**Your task:** Each line of the records has to be copied exactly, though the pictures must be left out.

**Records for the exercise:**
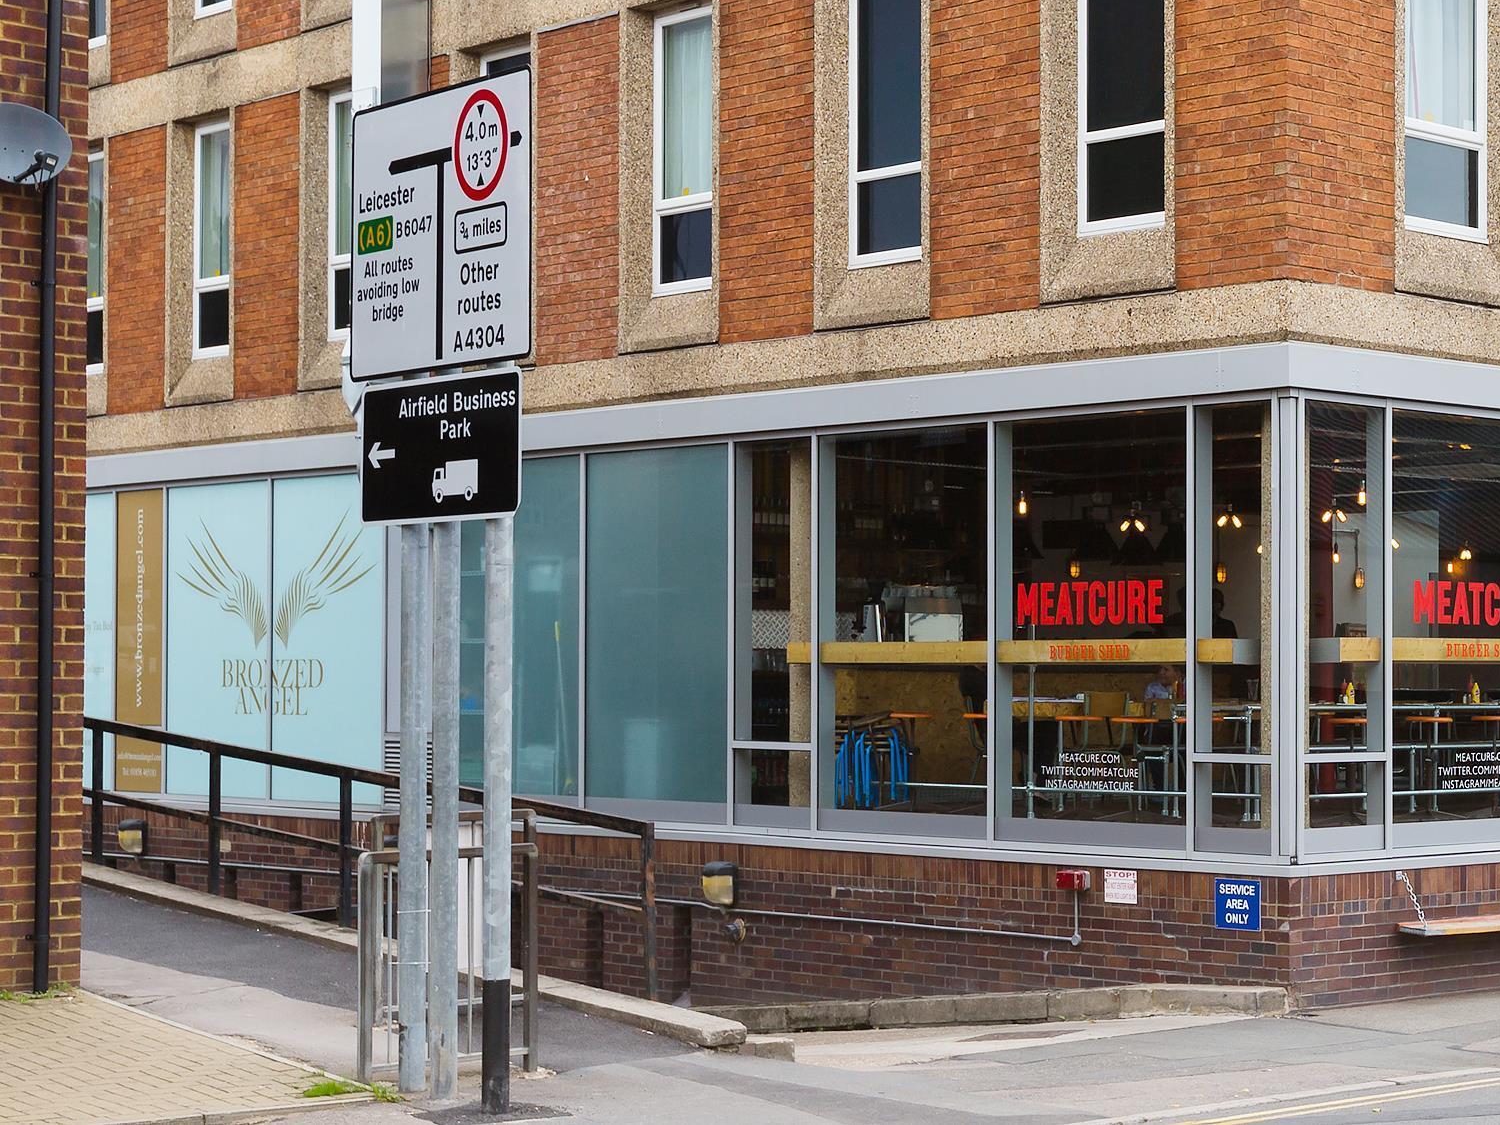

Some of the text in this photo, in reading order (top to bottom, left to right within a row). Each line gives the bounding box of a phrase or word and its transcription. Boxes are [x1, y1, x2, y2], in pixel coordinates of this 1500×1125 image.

[359, 185, 415, 214] Leicester
[358, 215, 433, 250] (A6) B6047
[472, 217, 502, 237] miles
[364, 255, 414, 279] All routes
[460, 262, 499, 286] Other
[357, 276, 421, 303] avoiding low
[372, 302, 405, 323] bridge
[457, 291, 502, 316] routes
[453, 323, 506, 353] A4304
[398, 389, 517, 419] Airfield Business
[440, 417, 472, 441] Park
[134, 508, 145, 709] www.bronzedangel.com
[1017, 579, 1164, 626] MEATCURE
[1049, 643, 1130, 661] BURGER SHED
[1446, 642, 1490, 658] BURGER
[222, 657, 324, 690] BRONZED
[234, 686, 309, 717] ANGEL
[1058, 752, 1121, 764] MEATCURE.COM
[1040, 765, 1139, 779] TWITTER.COM/MEATCURE
[1045, 778, 1135, 791] INSTAGRAM/MEATCURE
[1105, 870, 1136, 879] STOP!
[1219, 883, 1256, 896] SERVICE
[1225, 898, 1250, 911] AREA
[1225, 912, 1250, 925] ONLY
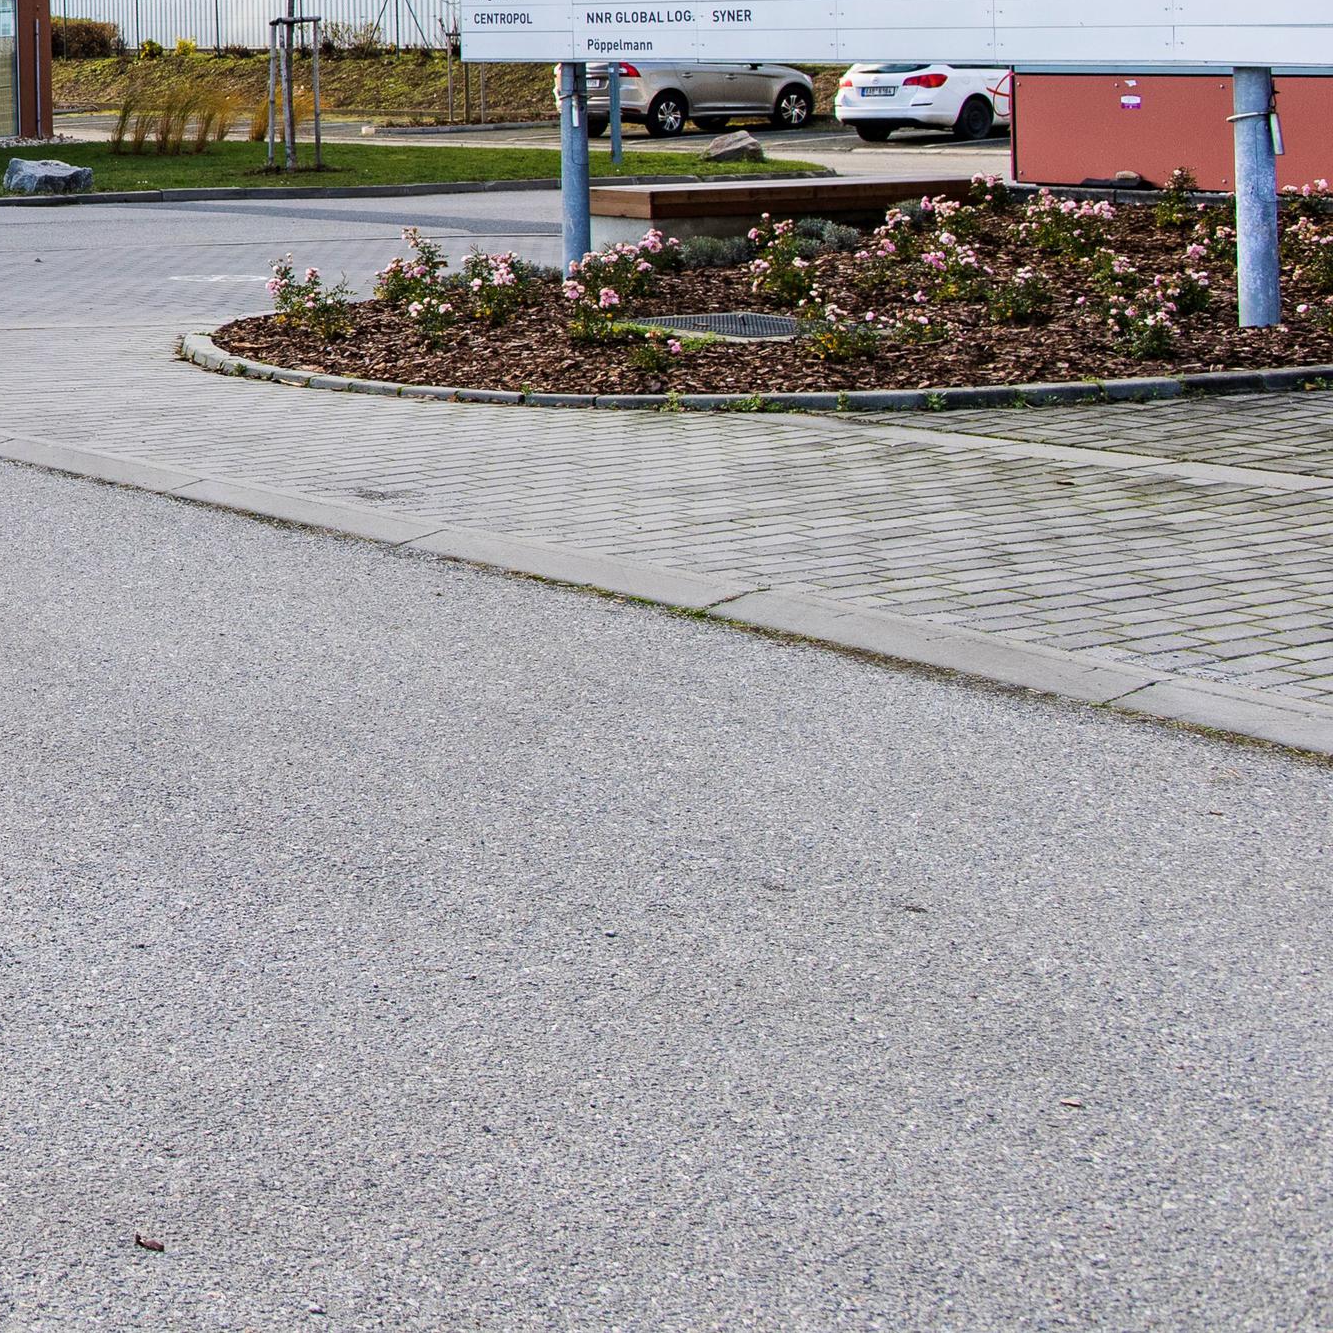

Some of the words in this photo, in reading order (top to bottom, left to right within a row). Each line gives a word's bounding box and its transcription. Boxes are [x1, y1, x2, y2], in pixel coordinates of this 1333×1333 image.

[473, 13, 533, 25] CENTROPOL
[586, 12, 612, 23] NNR
[615, 11, 664, 23] GLOBAL
[667, 10, 695, 22] LOG.
[712, 10, 752, 22] SYNER
[587, 39, 653, 54] Pöppelmann
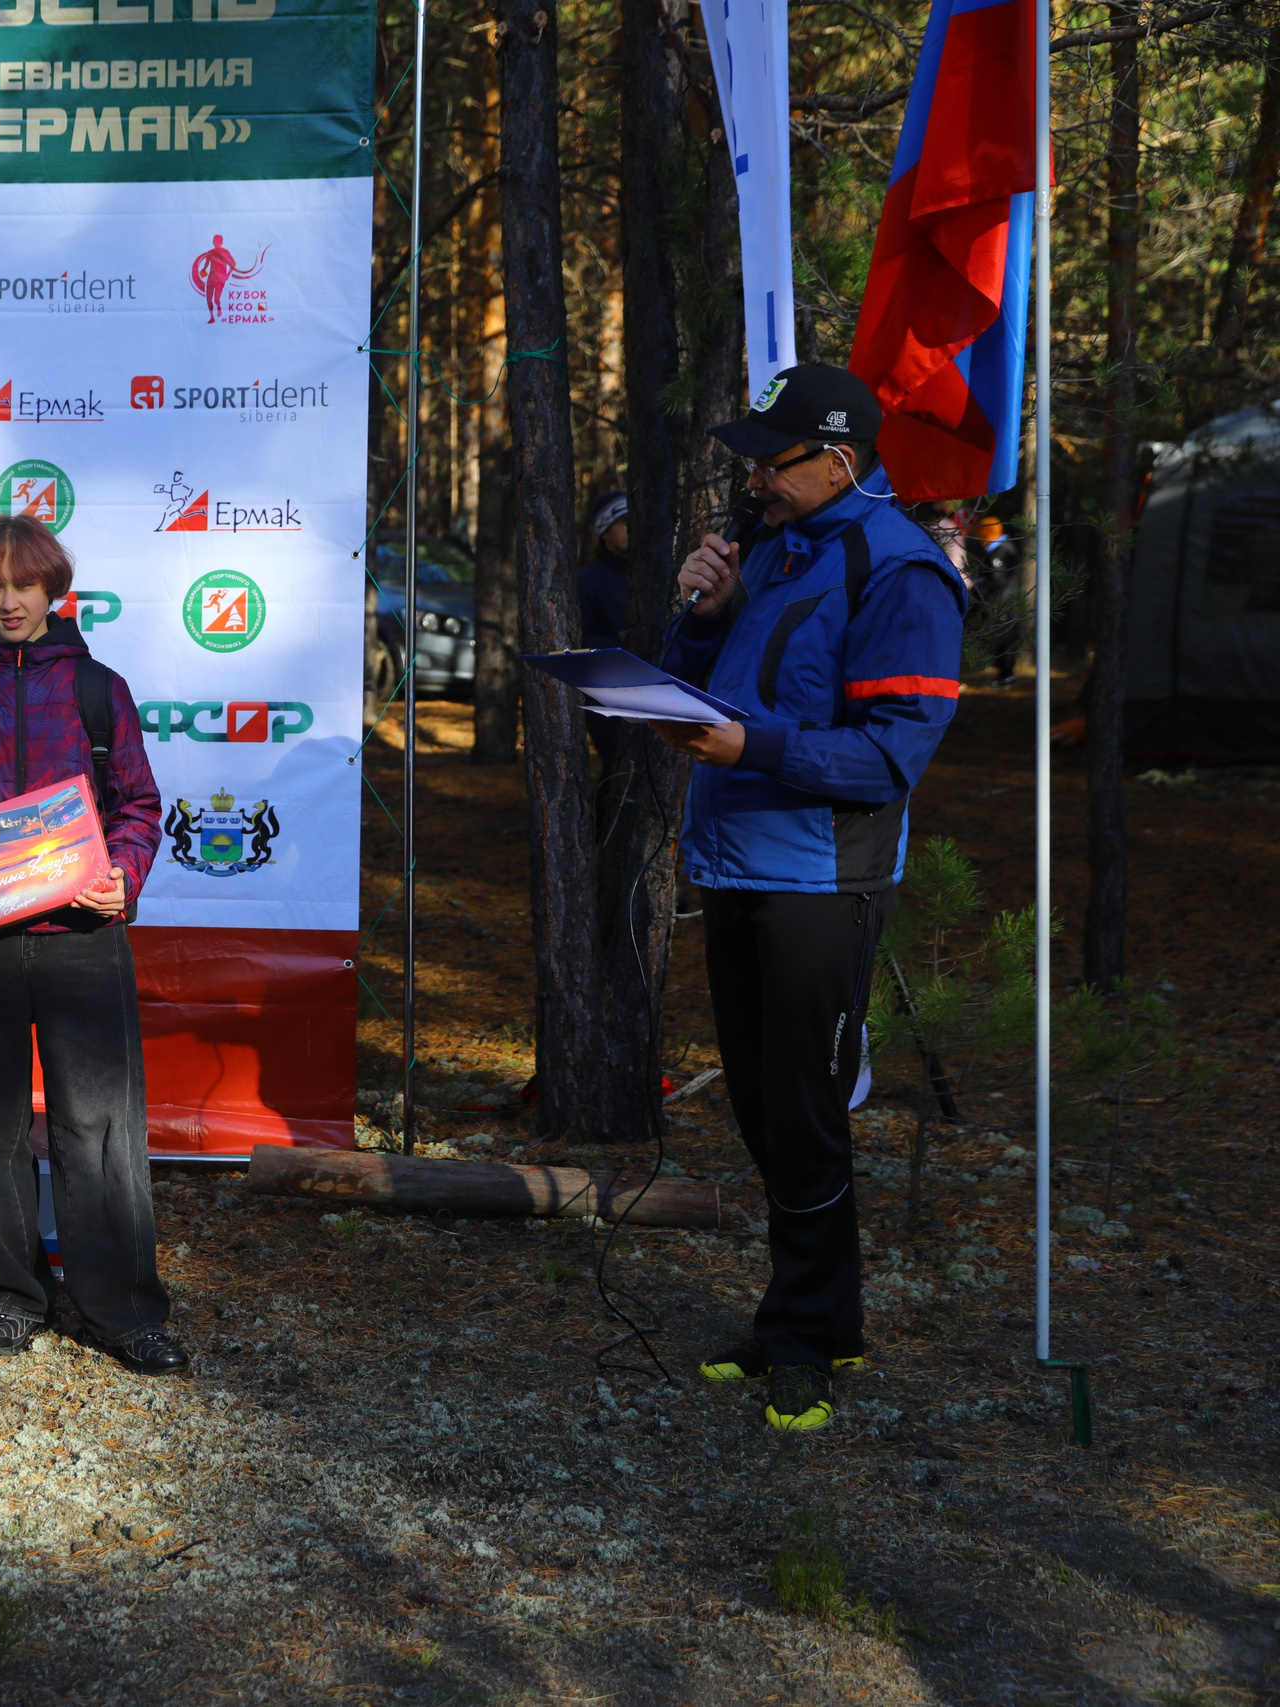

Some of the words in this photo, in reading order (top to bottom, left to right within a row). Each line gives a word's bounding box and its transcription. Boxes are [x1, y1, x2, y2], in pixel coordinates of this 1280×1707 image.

[228, 290, 267, 300] КУБОК
[48, 302, 105, 314] siberia
[228, 303, 253, 312] КСО
[173, 379, 329, 409] SPORTident
[19, 389, 103, 423] Ермак
[239, 410, 297, 422] siberia
[826, 411, 847, 427] 45
[215, 499, 301, 533] Ермак
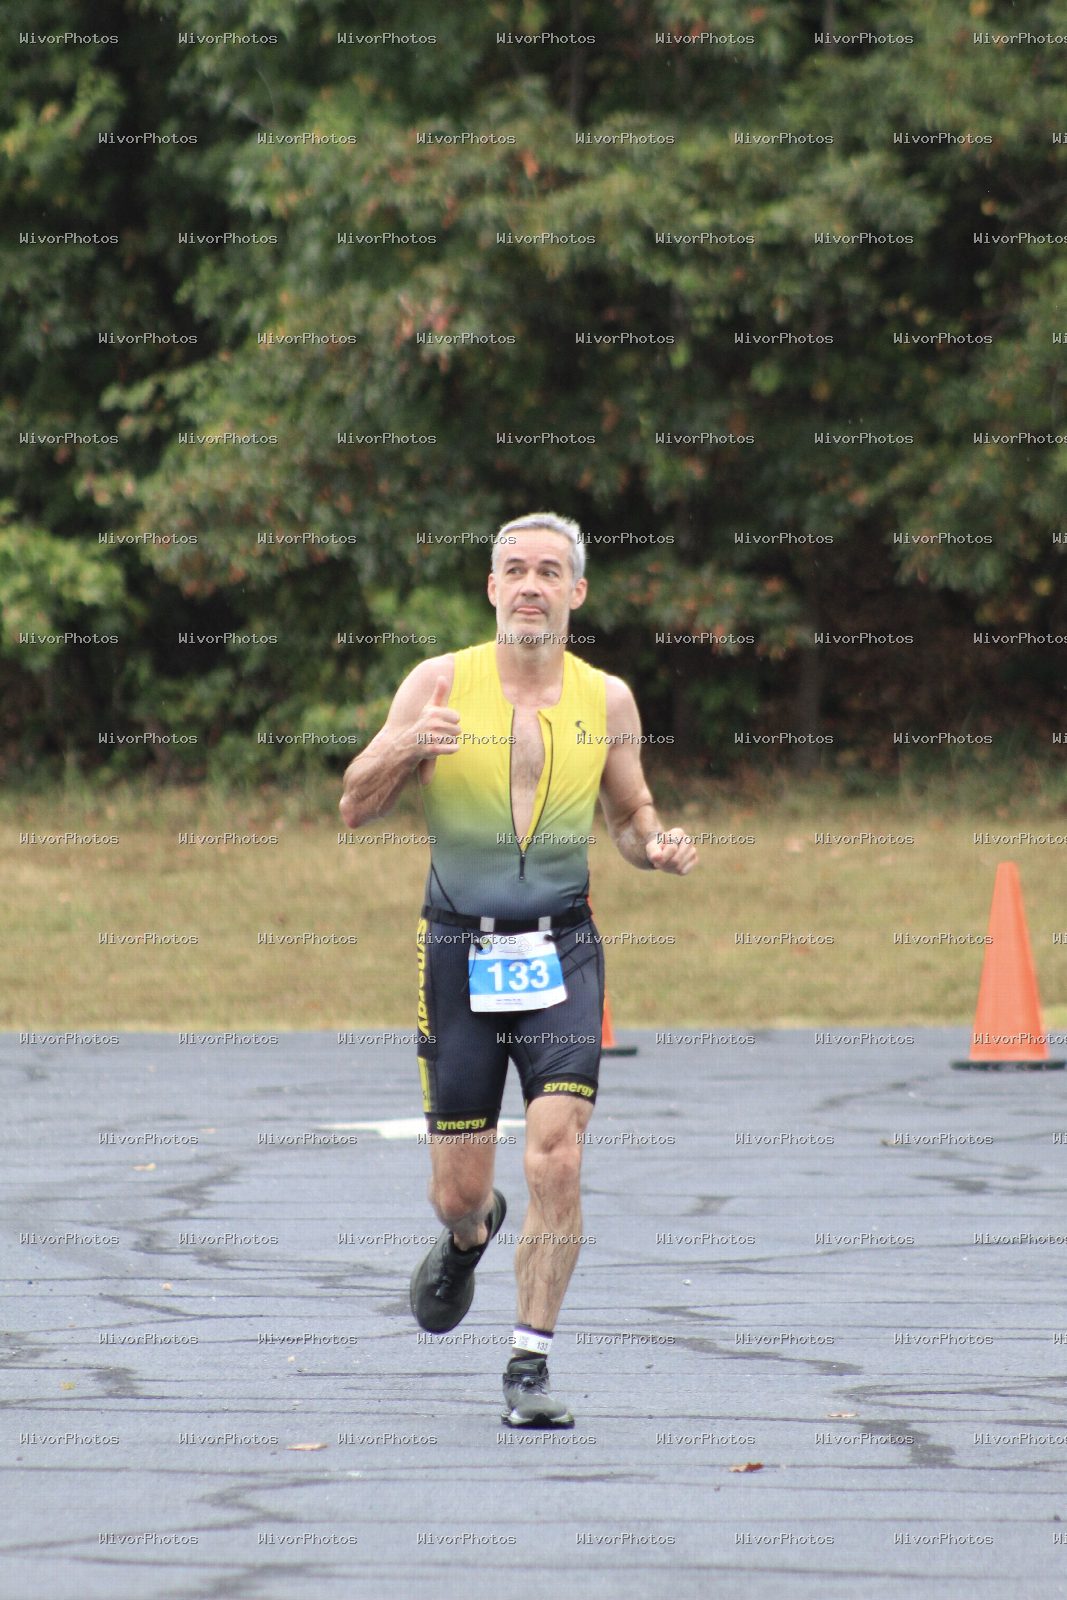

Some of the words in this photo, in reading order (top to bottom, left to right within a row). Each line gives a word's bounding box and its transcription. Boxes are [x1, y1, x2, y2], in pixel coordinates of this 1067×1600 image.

[487, 960, 549, 991] 133
[543, 1082, 594, 1097] synergy
[436, 1118, 487, 1130] synergy

**Solution for this problem:**
Some of the text in this photo, in reading order (top to bottom, left to right within a row). Each line gives the bounding box of a phrase or word and its transcription. Boxes are [x1, y1, x2, y2], in pixel coordinates of this 1500×1125 image.

[359, 185, 415, 214] Leicester
[358, 215, 433, 250] (A6) B6047
[472, 217, 502, 237] miles
[364, 255, 414, 279] All routes
[460, 262, 499, 286] Other
[357, 276, 421, 303] avoiding low
[372, 302, 405, 323] bridge
[457, 291, 502, 316] routes
[453, 323, 506, 353] A4304
[398, 389, 517, 419] Airfield Business
[440, 417, 472, 441] Park
[134, 508, 145, 709] www.bronzedangel.com
[1017, 579, 1164, 626] MEATCURE
[1049, 643, 1130, 661] BURGER SHED
[1446, 642, 1490, 658] BURGER
[222, 657, 324, 690] BRONZED
[234, 686, 309, 717] ANGEL
[1058, 752, 1121, 764] MEATCURE.COM
[1040, 765, 1139, 779] TWITTER.COM/MEATCURE
[1045, 778, 1135, 791] INSTAGRAM/MEATCURE
[1105, 870, 1136, 879] STOP!
[1219, 883, 1256, 896] SERVICE
[1225, 898, 1250, 911] AREA
[1225, 912, 1250, 925] ONLY

Some of the words in this photo, in reading order (top to bottom, left to right within a row). Each line gives a word's bounding box and its transcription. Boxes are [x1, y1, x2, y2], in pixel coordinates of this 1333×1333 image.

[473, 13, 533, 25] CENTROPOL
[586, 12, 612, 23] NNR
[615, 11, 664, 23] GLOBAL
[667, 10, 695, 22] LOG.
[712, 10, 752, 22] SYNER
[587, 39, 653, 54] Pöppelmann

Some of the words in this photo, in reading order (top to bottom, left to right within a row). Each line gives a word's bounding box and its transcription. Boxes are [x1, y1, x2, y2], in pixel coordinates of this 1280×1707 image.

[228, 290, 267, 300] КУБОК
[48, 302, 105, 314] siberia
[228, 303, 253, 312] КСО
[173, 379, 329, 409] SPORTident
[19, 389, 103, 423] Ермак
[239, 410, 297, 422] siberia
[826, 411, 847, 427] 45
[215, 499, 301, 533] Ермак

Some of the words in this photo, in reading order (top to bottom, left to right within a row). Each line gives a word's bounding box and its transcription. Boxes are [x1, y1, x2, y2], in pixel coordinates of this 1067×1600 image.

[487, 960, 549, 991] 133
[543, 1082, 594, 1097] synergy
[436, 1118, 487, 1130] synergy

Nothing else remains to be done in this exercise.